From c6f20a60e8d1a9a05709b3f5f2e61e4a76f6f574 Mon Sep 17 00:00:00 2001
From: Jeff Hammond <jeff.r.hammond@intel.com>
Date: Sat, 27 Jun 2020 09:35:01 -0700
Subject: [PATCH 05/12] re-enable printf in device code using Intel extension

Signed-off-by: Jeff Hammond <jeff.r.hammond@intel.com>
---
 src/MC_Segment_Outcome.cc | 10 ++++------
 1 file changed, 4 insertions(+), 6 deletions(-)

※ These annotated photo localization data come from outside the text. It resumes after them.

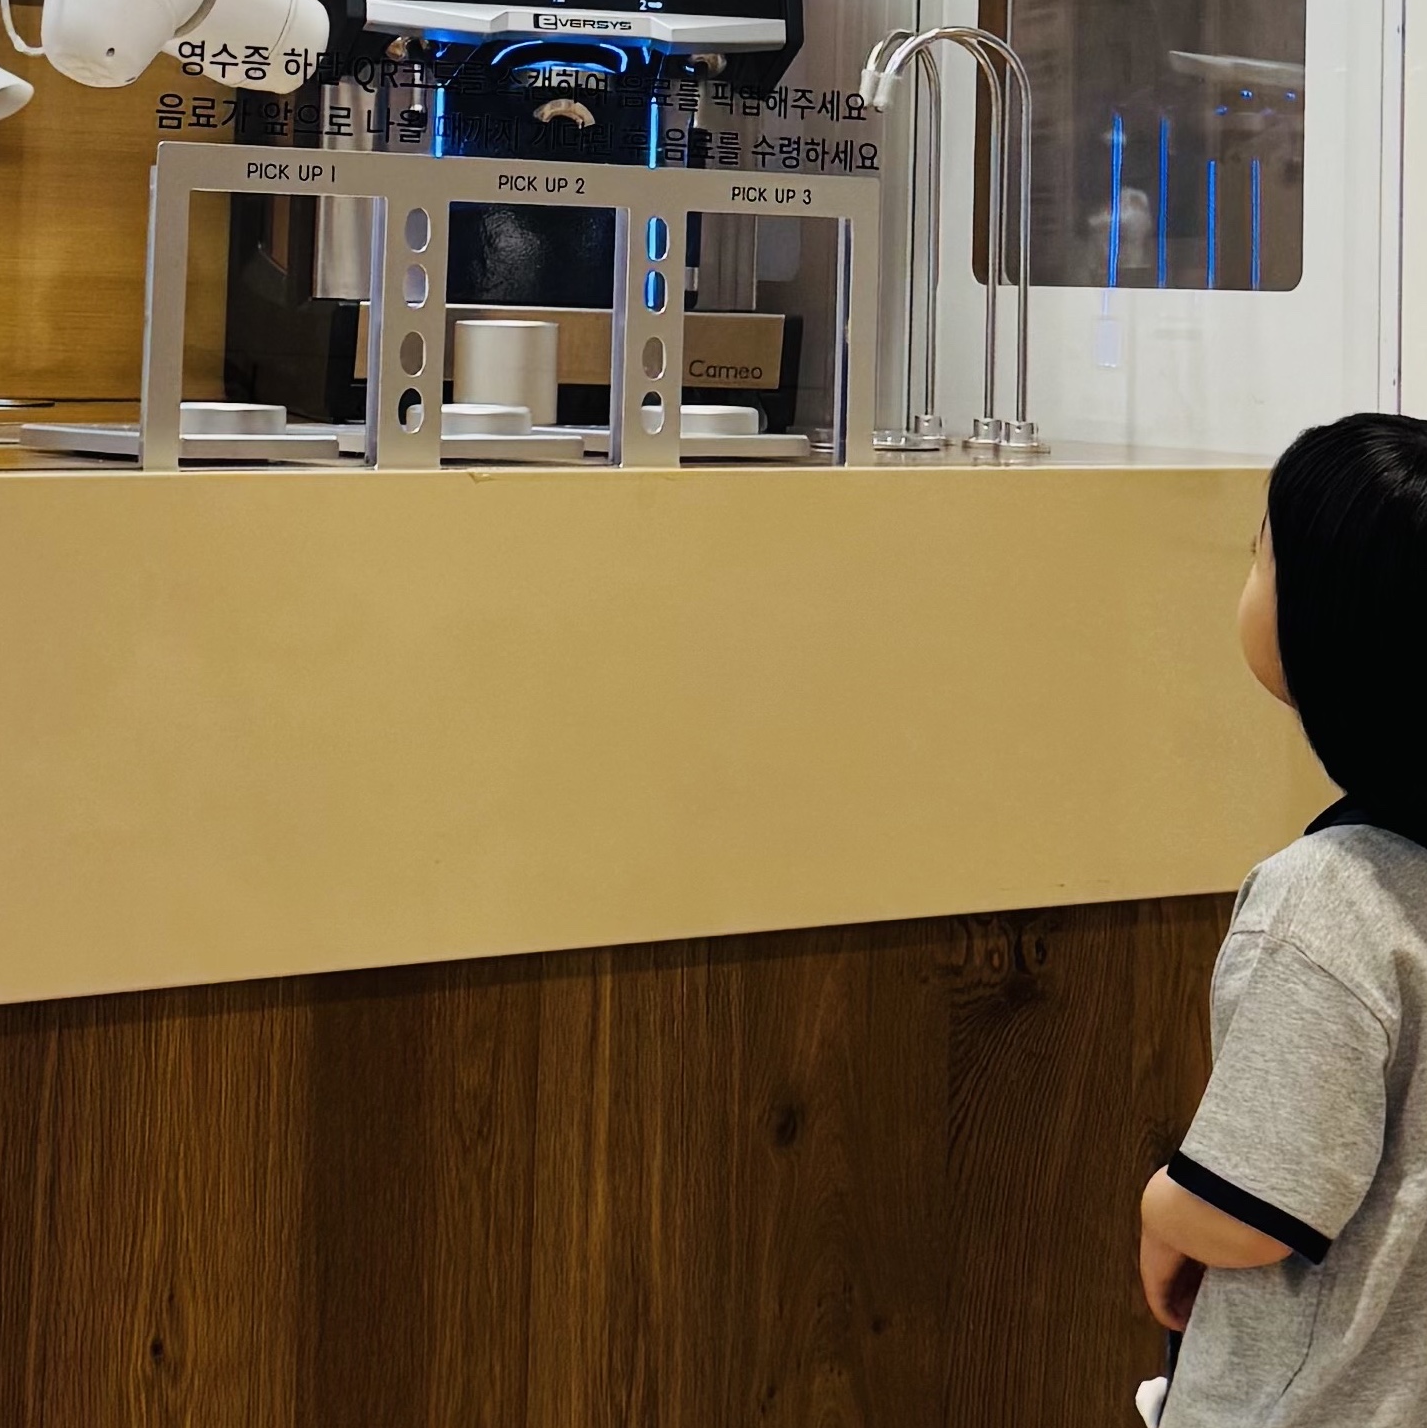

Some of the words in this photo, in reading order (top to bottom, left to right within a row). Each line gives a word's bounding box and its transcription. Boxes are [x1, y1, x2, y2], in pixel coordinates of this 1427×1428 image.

[178, 40, 271, 80] 영수증
[283, 46, 343, 86] 하단
[353, 55, 490, 95] QR코드를
[155, 93, 249, 133] 음료가
[263, 101, 353, 137] 앞으로
[664, 128, 742, 166] 음료를
[752, 135, 880, 172] 수령하세요
[247, 162, 290, 181] PICK
[298, 164, 323, 182] UP
[498, 174, 538, 192] PICK
[545, 177, 568, 193] UP
[575, 178, 585, 194] 2
[731, 186, 768, 203] PICK
[775, 188, 796, 204] UP
[803, 189, 812, 205] 3
[689, 359, 763, 380] Cameo

diff --git a/src/MC_Segment_Outcome.cc b/src/MC_Segment_Outcome.cc
index 3c629514..12a892c5 100644
--- a/src/MC_Segment_Outcome.cc
+++ b/src/MC_Segment_Outcome.cc
@@ -14,6 +14,7 @@
 #include "PhysicalConstants.hh"
 #include "DeclareMacro.hh"
 #include "mathHelp.hh"
+#include "cudaUtils.hh"
 
 HOST_DEVICE
 static inline unsigned int MC_Find_Min(const double *array,
@@ -46,12 +47,9 @@ MC_Segment_Outcome_type::Enum MC_Segment_Outcome(MonteCarlo* monteCarlo, MC_Part
 
         if ( mc_particle.num_mean_free_paths > -900.0 )
         {
-#if defined(HAVE_SYCL)
-            // FIXME
-#elif 0
-            std::string output_string;
-            MC_Warning( "Forced Collision: num_mean_free_paths < 0 \n"
-                             "Particle record:\n%s", output_string.c_str());
+#ifdef HAVE_SYCL
+            static const OPENCL_CONSTANT char format[] = " MC_Segment_Outcome: mc_particle.num_mean_free_paths > -900.0 \n";
+            sycl::intel::experimental::printf(format);
 #else
             printf(" MC_Segment_Outcome: mc_particle.num_mean_free_paths > -900.0 \n");
 #endif

From a50696bc5424747ac1dec50dc14501ecdae2d7d4 Mon Sep 17 00:00:00 2001
From: Jeff Hammond <jeff.r.hammond@intel.com>
Date: Sat, 27 Jun 2020 09:38:48 -0700
Subject: [PATCH 06/12] re-enable printf in device code using Intel extension

Signed-off-by: Jeff Hammond <jeff.r.hammond@intel.com>
---
 src/qs_assert.hh | 3 +++
 1 file changed, 3 insertions(+)

diff --git a/src/qs_assert.hh b/src/qs_assert.hh
index 7c0059d5..5eebf080 100644
--- a/src/qs_assert.hh
+++ b/src/qs_assert.hh
@@ -1,4 +1,5 @@
 #include <cstdio>
+#include "cudaUtils.hh"
 
 #ifdef __CUDA_ARCH__
 
@@ -18,6 +19,8 @@
    { \
       if (!(cond)) \
       { \
+          static const OPENCL_CONSTANT char format[] = "file=%s: line=%d ERROR\n"; \
+          sycl::intel::experimental::printf(format,__FILE__,__LINE__); \
       } \
    } while(0)
 

From 7794a66f2a3d1ea6446519615dcadb7a15c2a707 Mon Sep 17 00:00:00 2001
From: Jeff Hammond <jeff.r.hammond@intel.com>
Date: Sat, 27 Jun 2020 09:44:01 -0700
Subject: [PATCH 07/12] globally rename q->sycl_device_queue

Signed-off-by: Jeff Hammond <jeff.r.hammond@intel.com>
---
 src/MemoryControl.hh |  4 ++--
 src/MonteCarlo.cc    | 28 ++++++++++++++--------------
 src/cudaUtils.hh     |  2 +-
 src/initMC.cc        |  6 +++---
 src/main.cc          | 22 +++++++++++-----------
 5 files changed, 31 insertions(+), 31 deletions(-)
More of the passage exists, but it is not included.